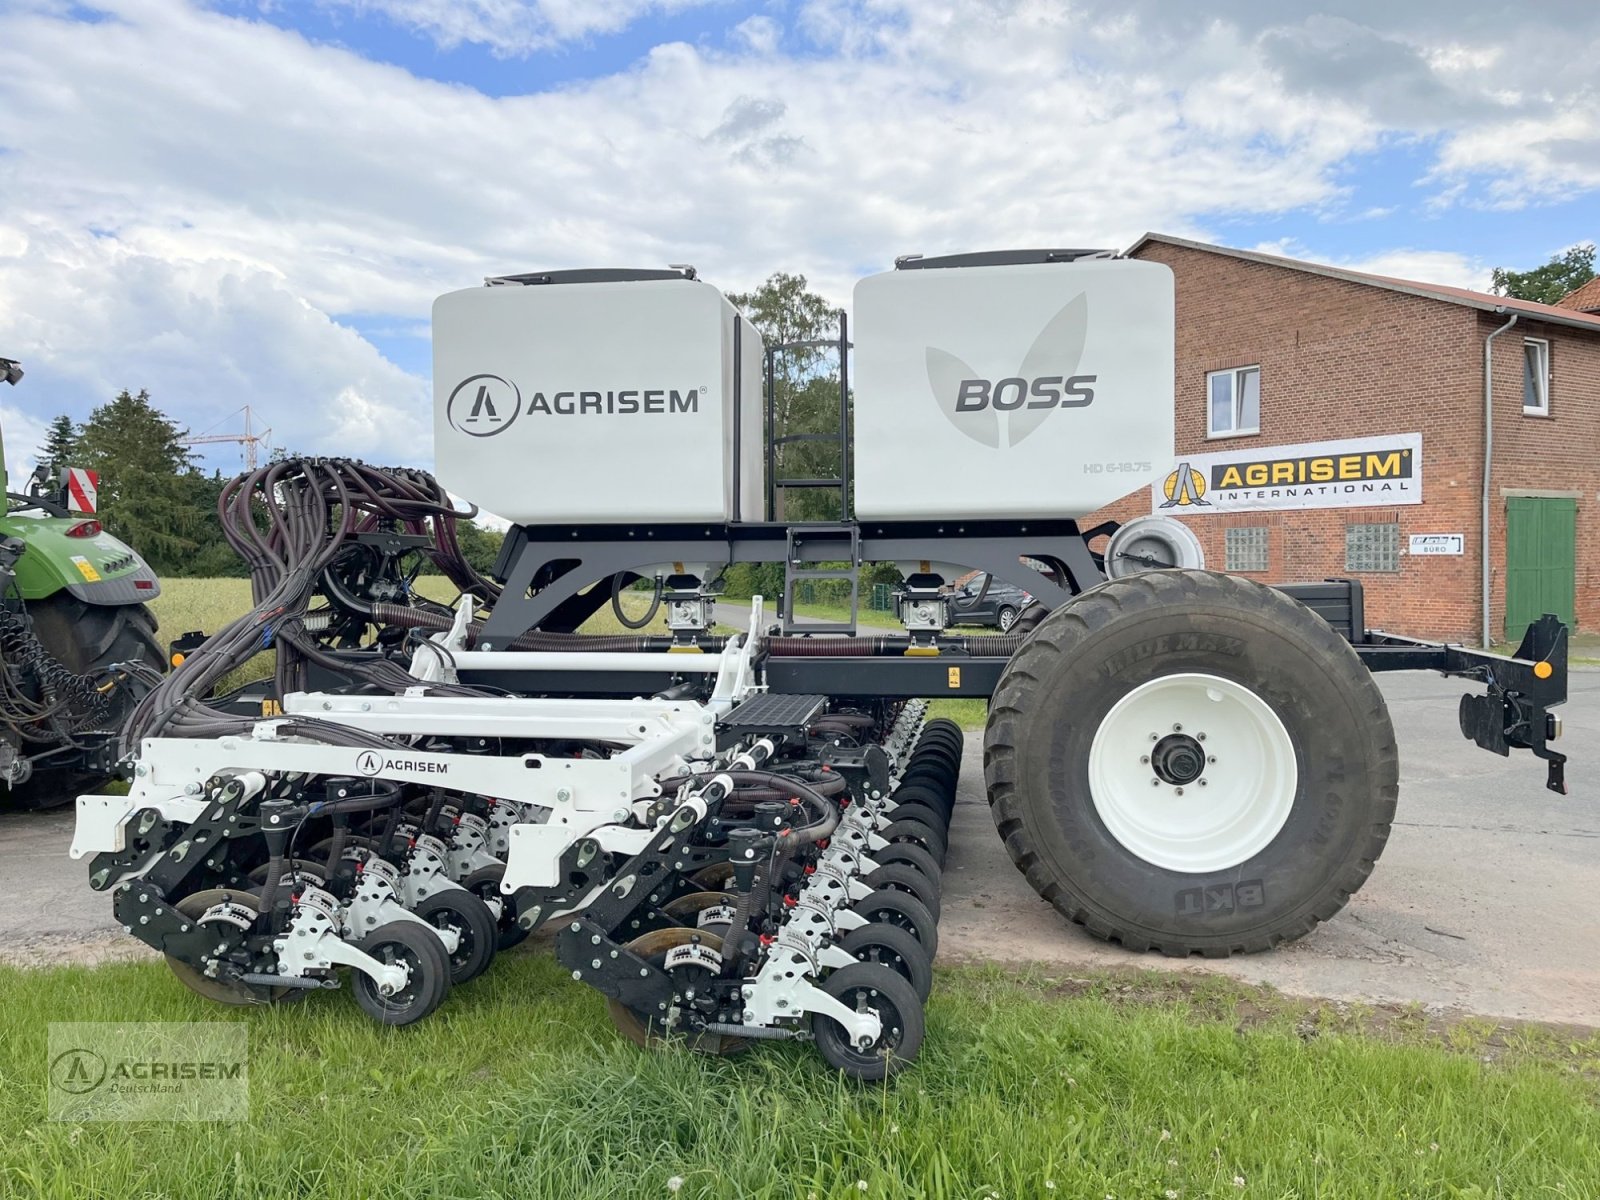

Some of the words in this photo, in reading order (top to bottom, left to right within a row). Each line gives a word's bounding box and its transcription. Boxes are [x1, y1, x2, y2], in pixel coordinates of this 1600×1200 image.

[526, 389, 699, 416] AGRISEM
[955, 375, 1097, 412] BOSS
[1083, 463, 1103, 474] HD
[1219, 452, 1401, 488] AGRISEM
[1218, 482, 1410, 501] INTERNATIONAL
[385, 759, 448, 774] AGRISEM
[1177, 882, 1264, 915] BKT
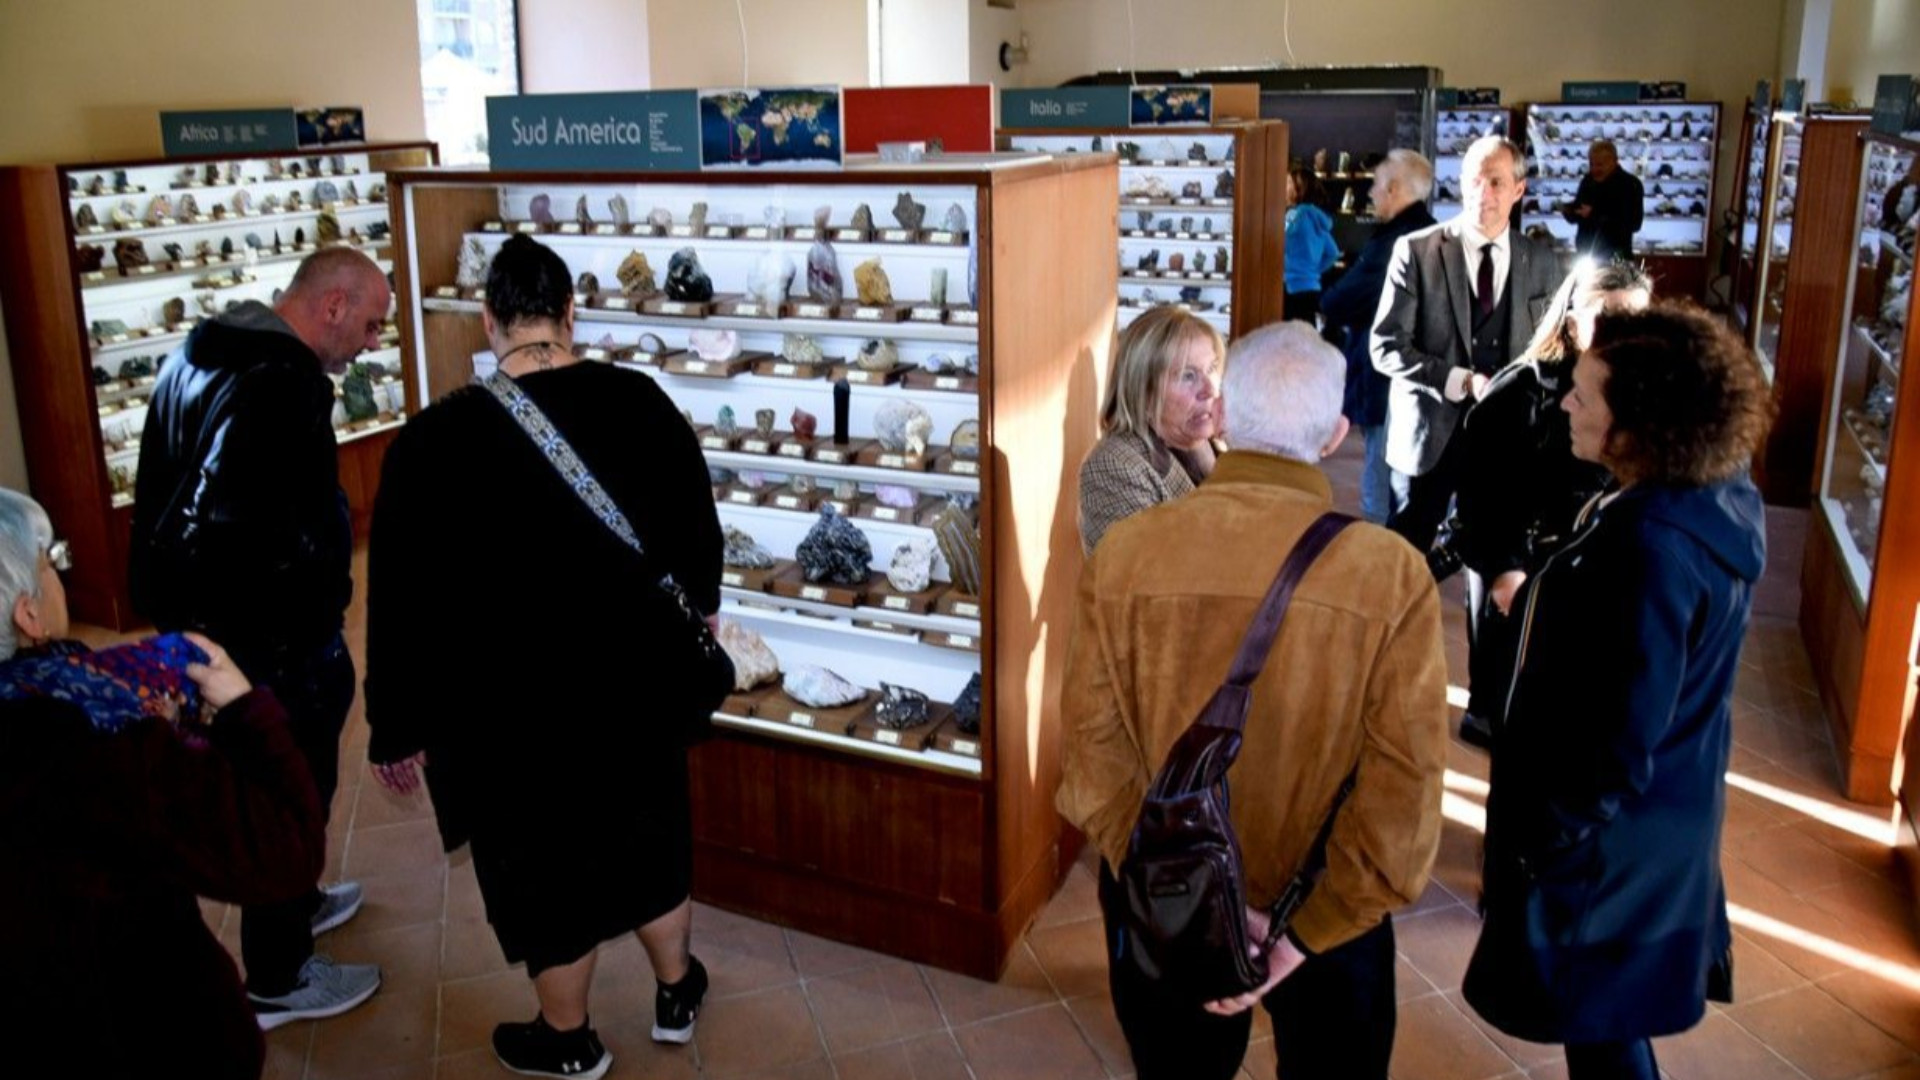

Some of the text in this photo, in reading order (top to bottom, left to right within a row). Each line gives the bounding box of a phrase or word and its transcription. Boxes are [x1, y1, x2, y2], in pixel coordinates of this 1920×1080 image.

____

__The problem__: Would you write out each record above exactly, with no images?

__Answer section__:
Some of the words in this photo, in reading order (top to bottom, left to right within a row). Each line gives a word's bounding box and its transcription. Boxes are [x1, y1, x2, y2], in pixel coordinates of this 1600×1200 image.

[526, 389, 699, 416] AGRISEM
[955, 375, 1097, 412] BOSS
[1083, 463, 1103, 474] HD
[1219, 452, 1401, 488] AGRISEM
[1218, 482, 1410, 501] INTERNATIONAL
[385, 759, 448, 774] AGRISEM
[1177, 882, 1264, 915] BKT

Some of the text in this photo, in reading order (top to bottom, left to right within a row). Each line gives the bounding box of a phrase or word and its transcription. Boxes are [x1, y1, x2, y2], in pixel coordinates of this 1920×1080 image.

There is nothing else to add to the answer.